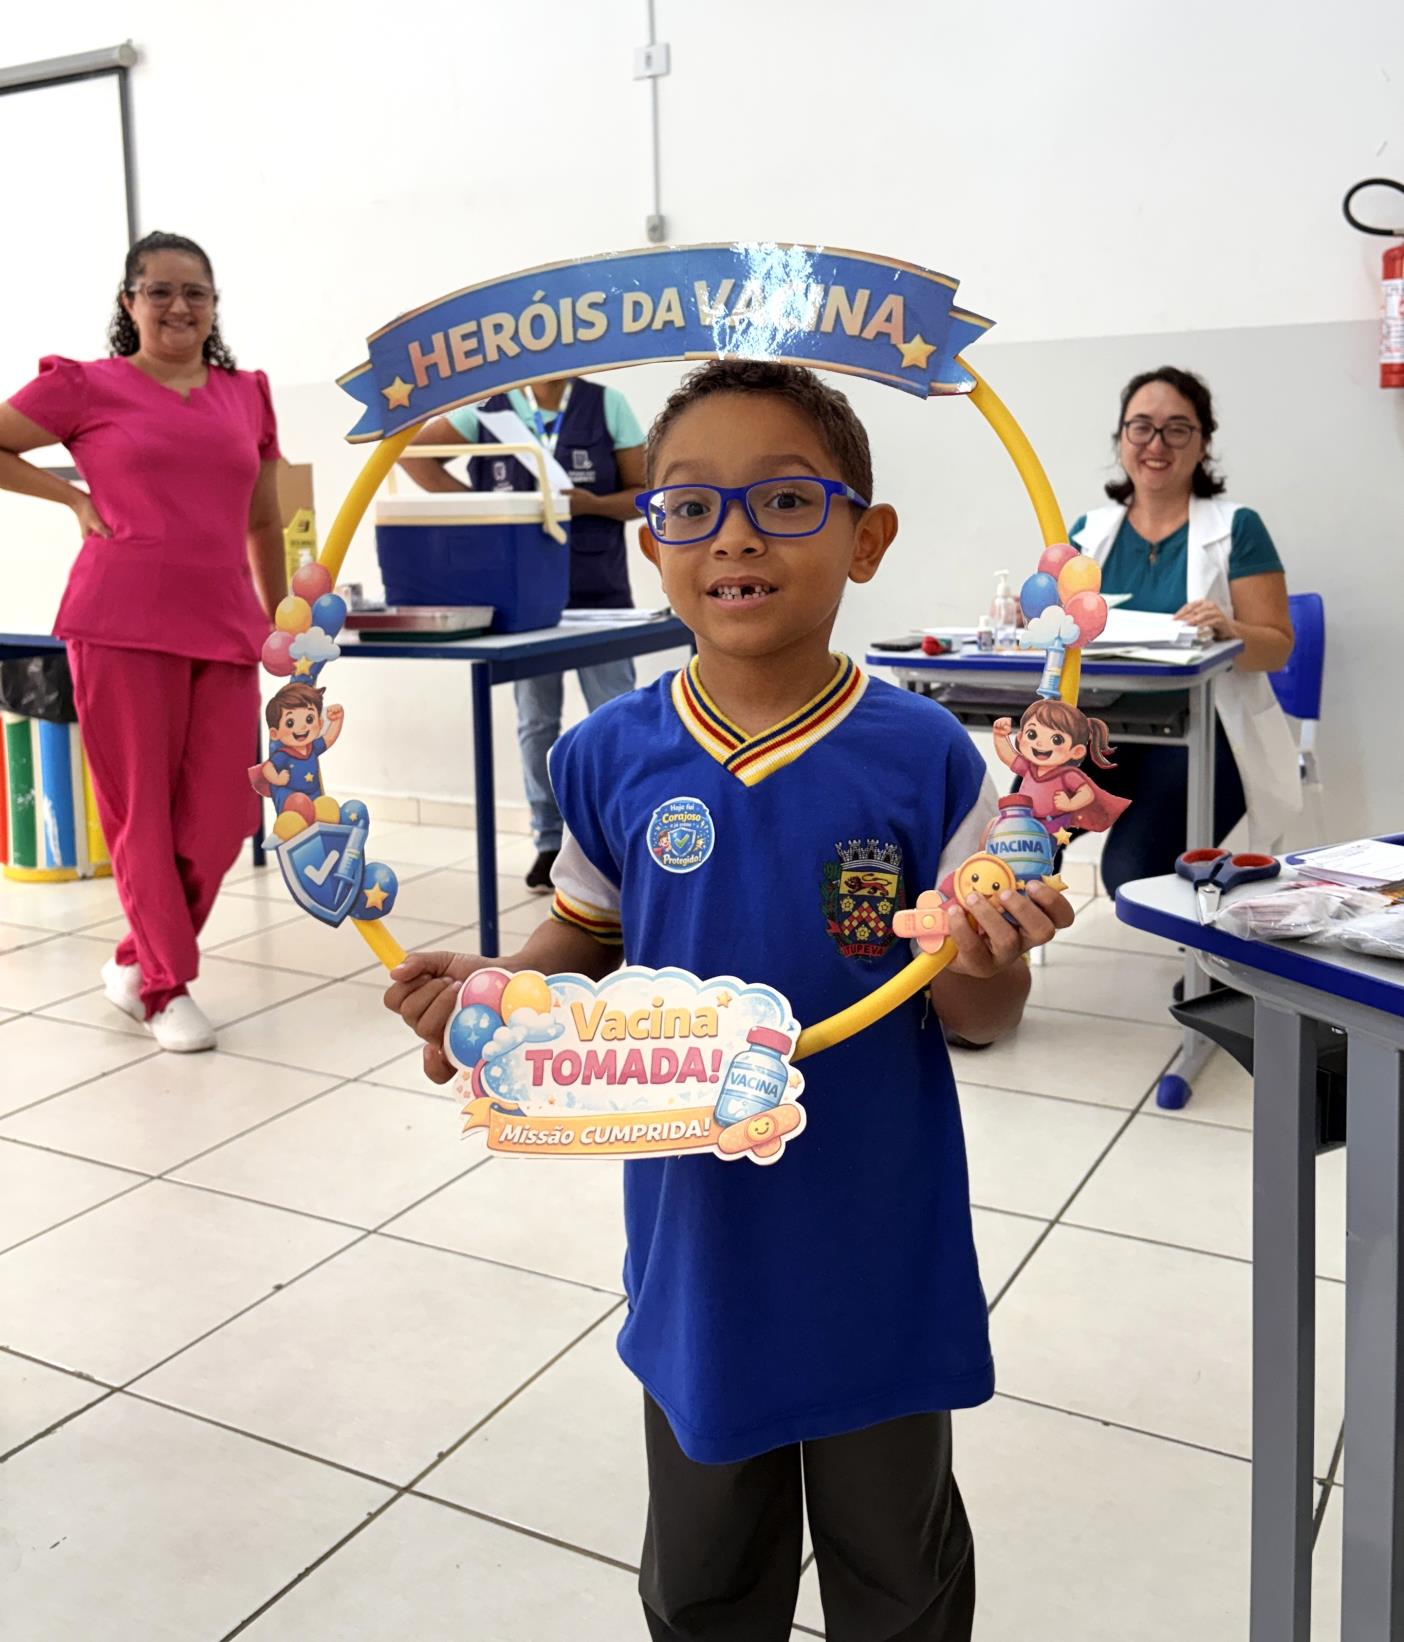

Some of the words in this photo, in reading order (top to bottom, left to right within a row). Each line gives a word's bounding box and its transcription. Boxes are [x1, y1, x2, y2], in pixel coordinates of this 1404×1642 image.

[408, 290, 607, 388] HERÓIS
[623, 289, 685, 333] DA
[662, 811, 701, 824] Corajoso
[663, 851, 702, 867] Protegido!
[990, 840, 1044, 855] VACINA
[570, 996, 719, 1041] Vacina
[525, 1047, 723, 1086] TOMADA!
[730, 1074, 779, 1098] VACINA
[499, 1125, 574, 1146] Missão
[580, 1120, 711, 1146] CUMPRIDA!
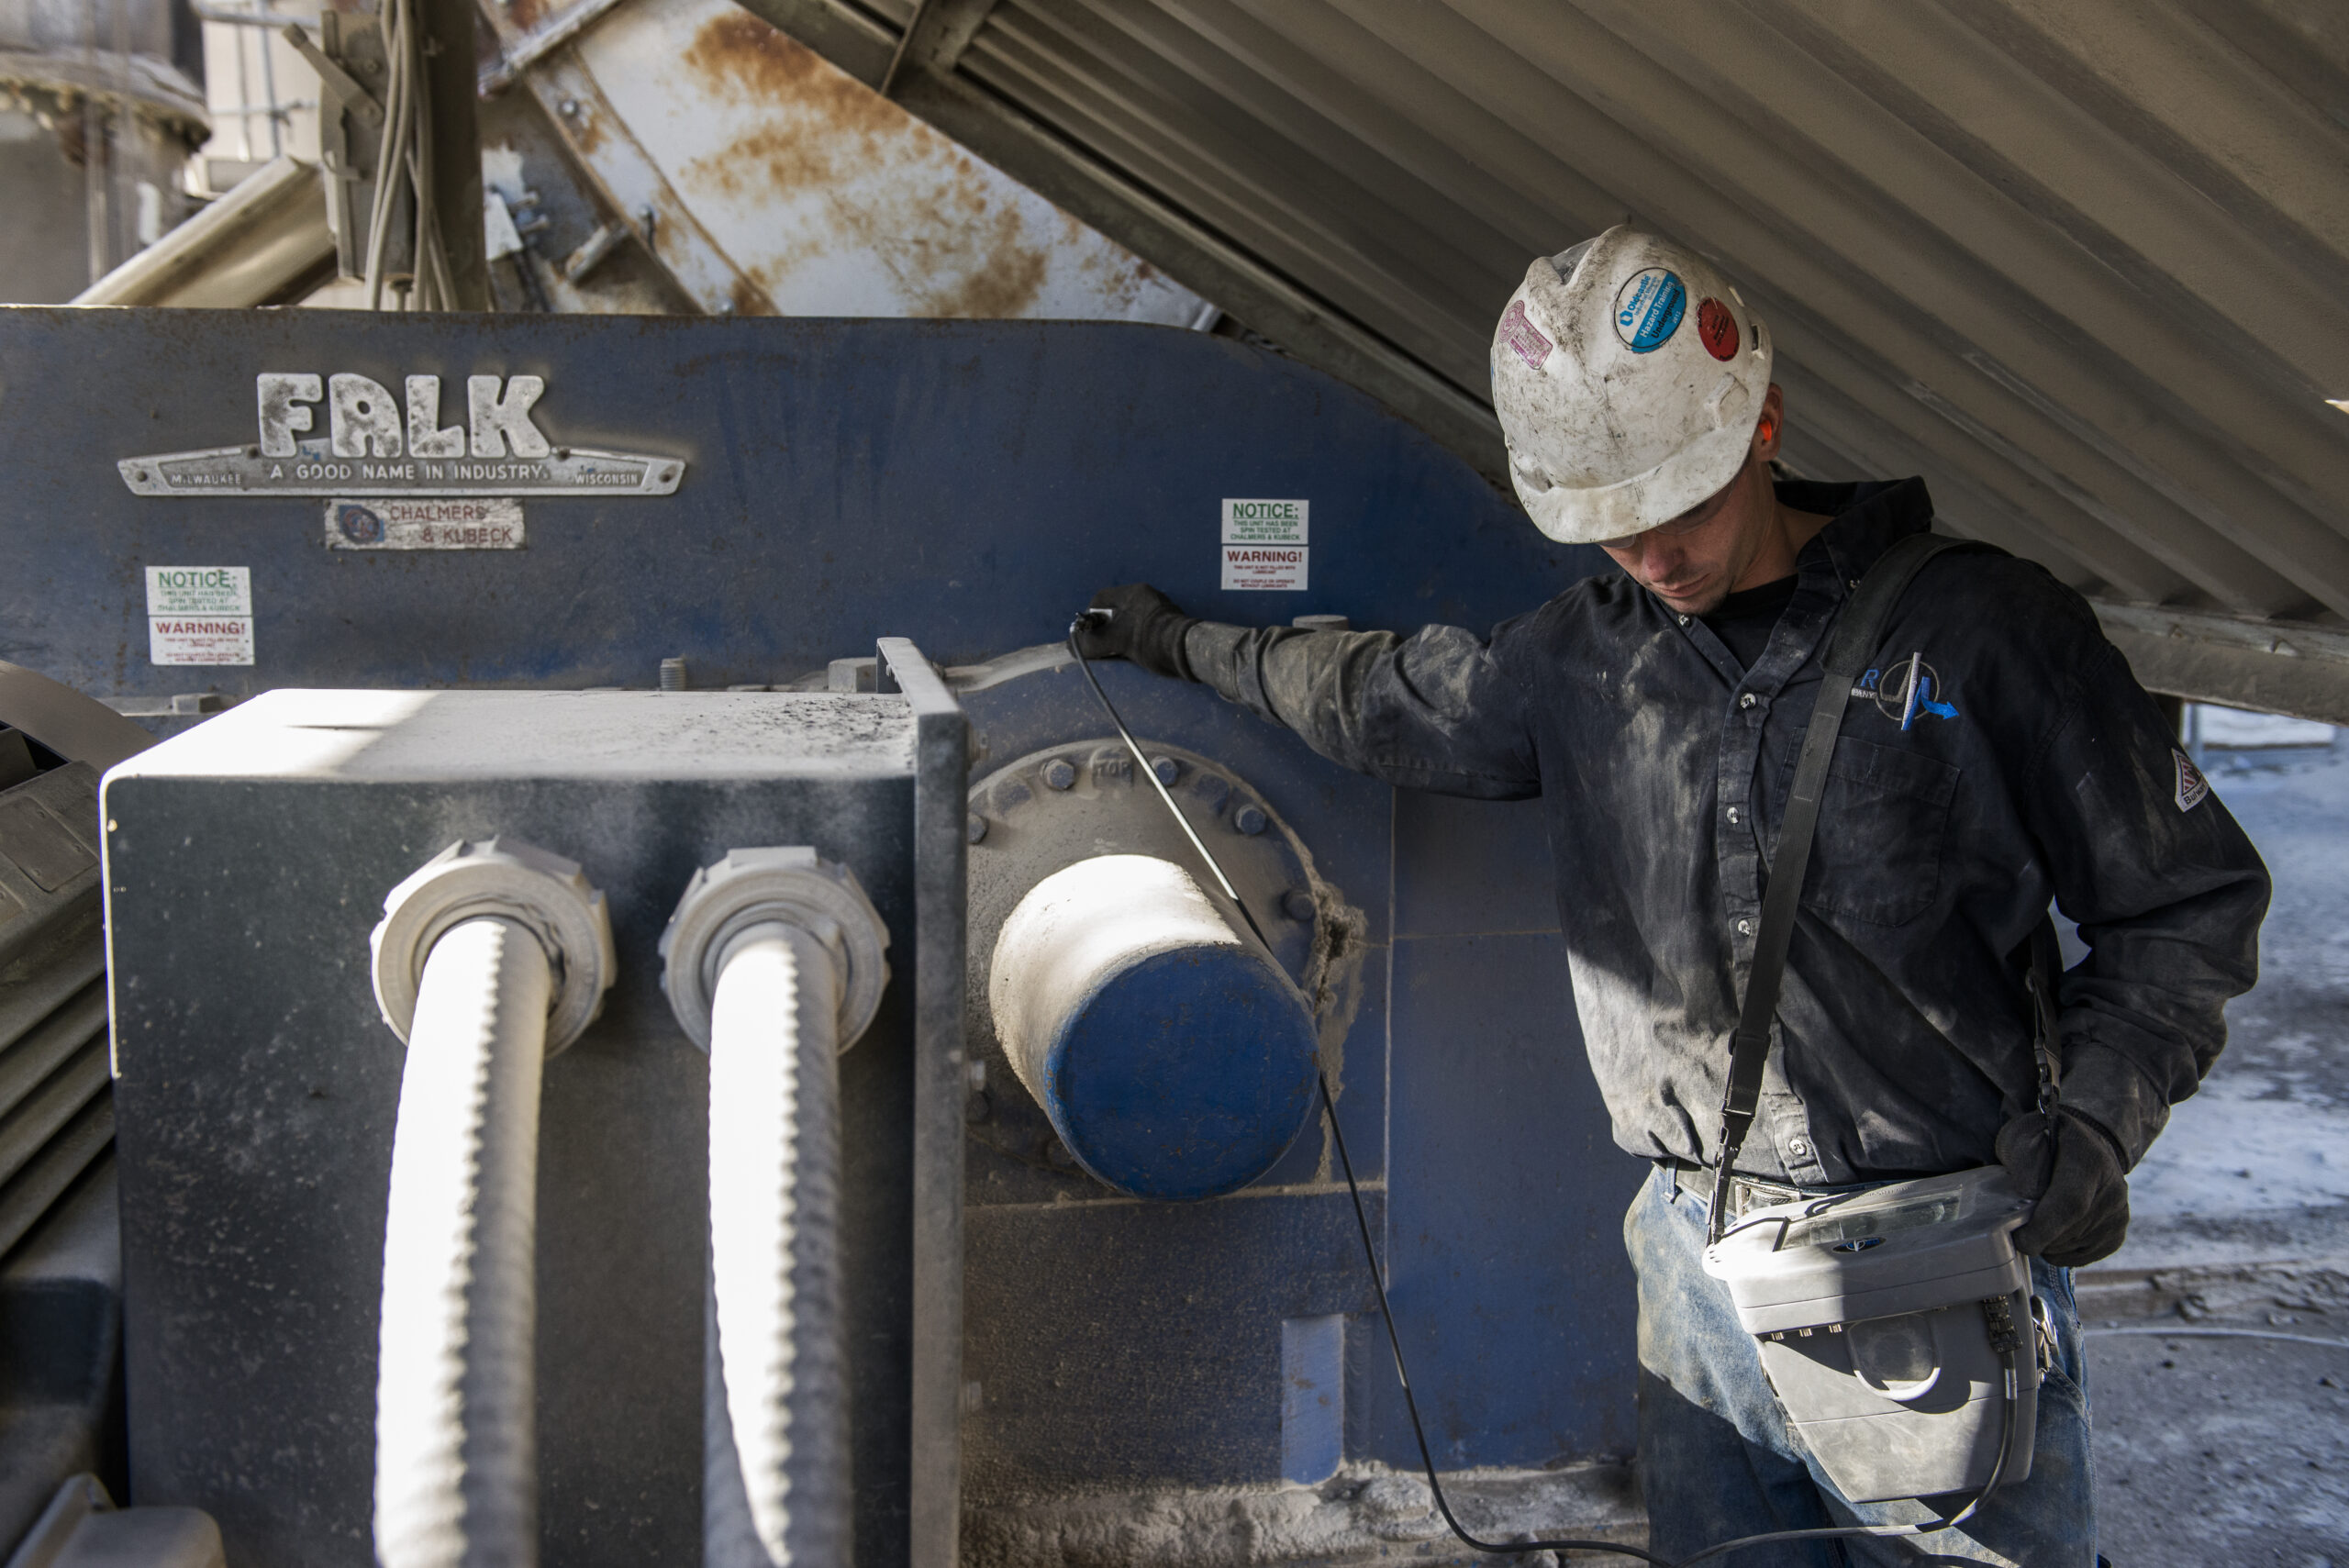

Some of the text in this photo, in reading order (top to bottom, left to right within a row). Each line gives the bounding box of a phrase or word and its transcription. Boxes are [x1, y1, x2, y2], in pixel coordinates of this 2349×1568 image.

[1628, 274, 1651, 311] Oldcastle
[1640, 308, 1660, 338] Hazard
[1654, 281, 1675, 308] Training
[1652, 288, 1681, 338] Underground
[257, 373, 551, 458] FALK
[270, 464, 284, 479] A
[296, 464, 351, 479] GOOD
[362, 464, 414, 479] NAME
[426, 464, 443, 479] IN
[574, 473, 638, 485] WISCONSIN
[390, 506, 487, 521] CHALMERS
[1233, 503, 1299, 518] NOTICE:
[422, 528, 513, 543] & KUBECK
[1227, 550, 1303, 562] WARNING!
[158, 572, 237, 588] NOTICE:
[156, 622, 246, 635] WARNING!
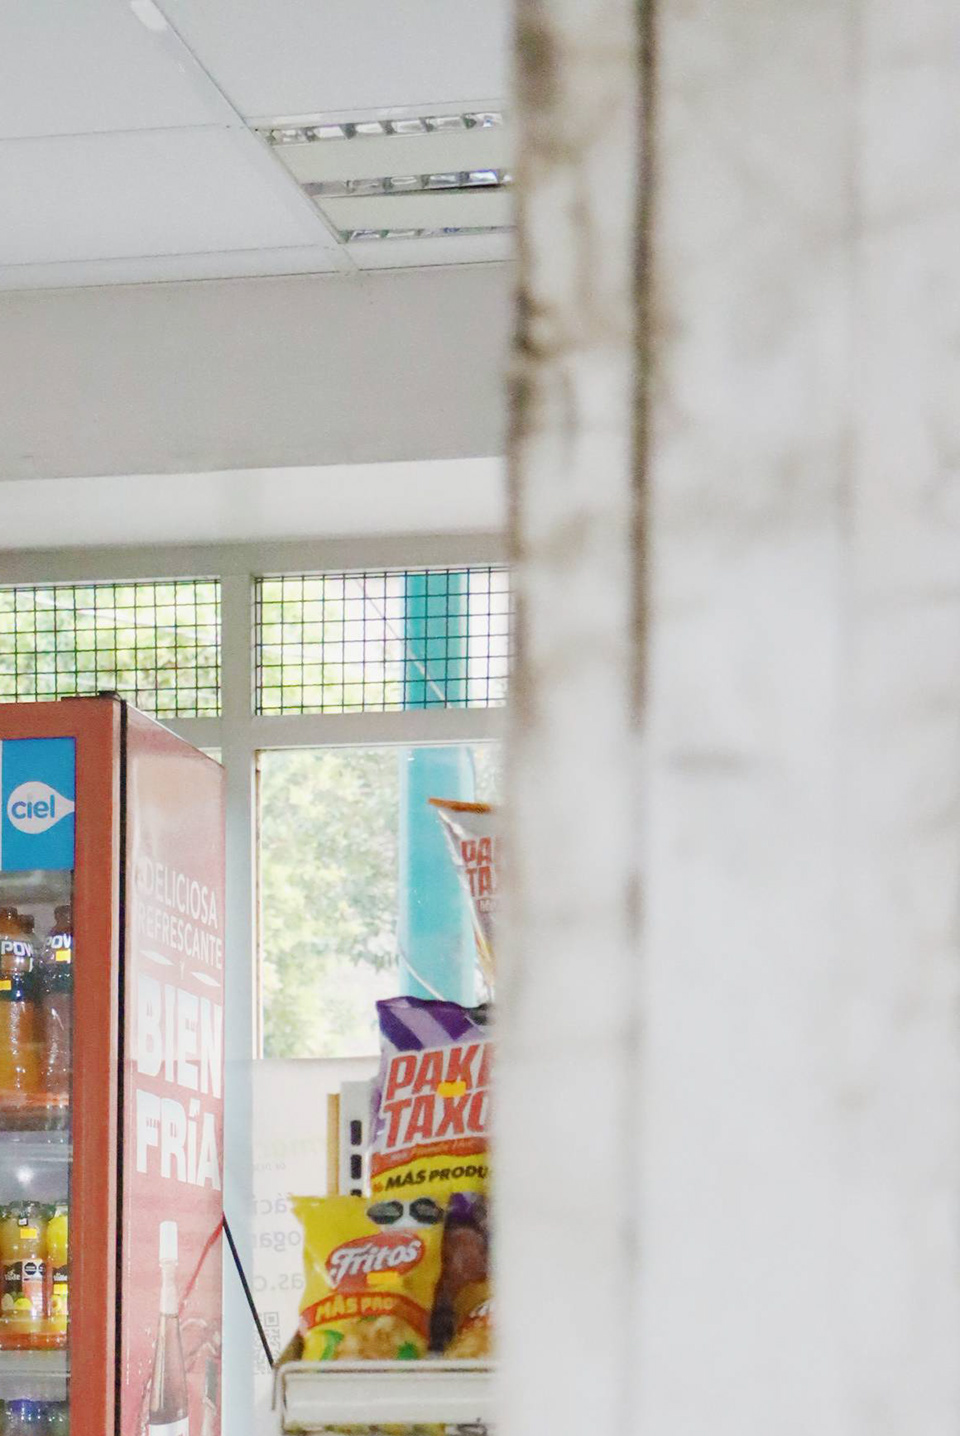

──────────

◆ **WHAT THE EXERCISE ASKS**
Quote the entries above word for word. Leave the images out.

◆ **YOUR RESPONSE**
Some of the words in this photo, in reading order (top to bottom, left to right within a row). Each line gives a word's bounding box and its transcription. Boxes are [x1, y1, x2, y2], in pixel coordinates of this 1404×1642 image.

[408, 290, 607, 388] HERÓIS
[623, 289, 685, 333] DA
[662, 811, 701, 824] Corajoso
[663, 851, 702, 867] Protegido!
[990, 840, 1044, 855] VACINA
[570, 996, 719, 1041] Vacina
[525, 1047, 723, 1086] TOMADA!
[730, 1074, 779, 1098] VACINA
[499, 1125, 574, 1146] Missão
[580, 1120, 711, 1146] CUMPRIDA!

Some of the text in this photo, in reading order (top to bottom, left to right within a row). Each line gives the bounding box of a phrase or word and its transcription. Boxes are [x1, y1, x2, y2], in pixel coordinates of this 2349×1568 image.

[1628, 274, 1651, 311] Oldcastle
[1640, 308, 1660, 338] Hazard
[1654, 281, 1675, 308] Training
[1652, 288, 1681, 338] Underground
[257, 373, 551, 458] FALK
[270, 464, 284, 479] A
[296, 464, 351, 479] GOOD
[362, 464, 414, 479] NAME
[426, 464, 443, 479] IN
[574, 473, 638, 485] WISCONSIN
[390, 506, 487, 521] CHALMERS
[1233, 503, 1299, 518] NOTICE:
[422, 528, 513, 543] & KUBECK
[1227, 550, 1303, 562] WARNING!
[158, 572, 237, 588] NOTICE:
[156, 622, 246, 635] WARNING!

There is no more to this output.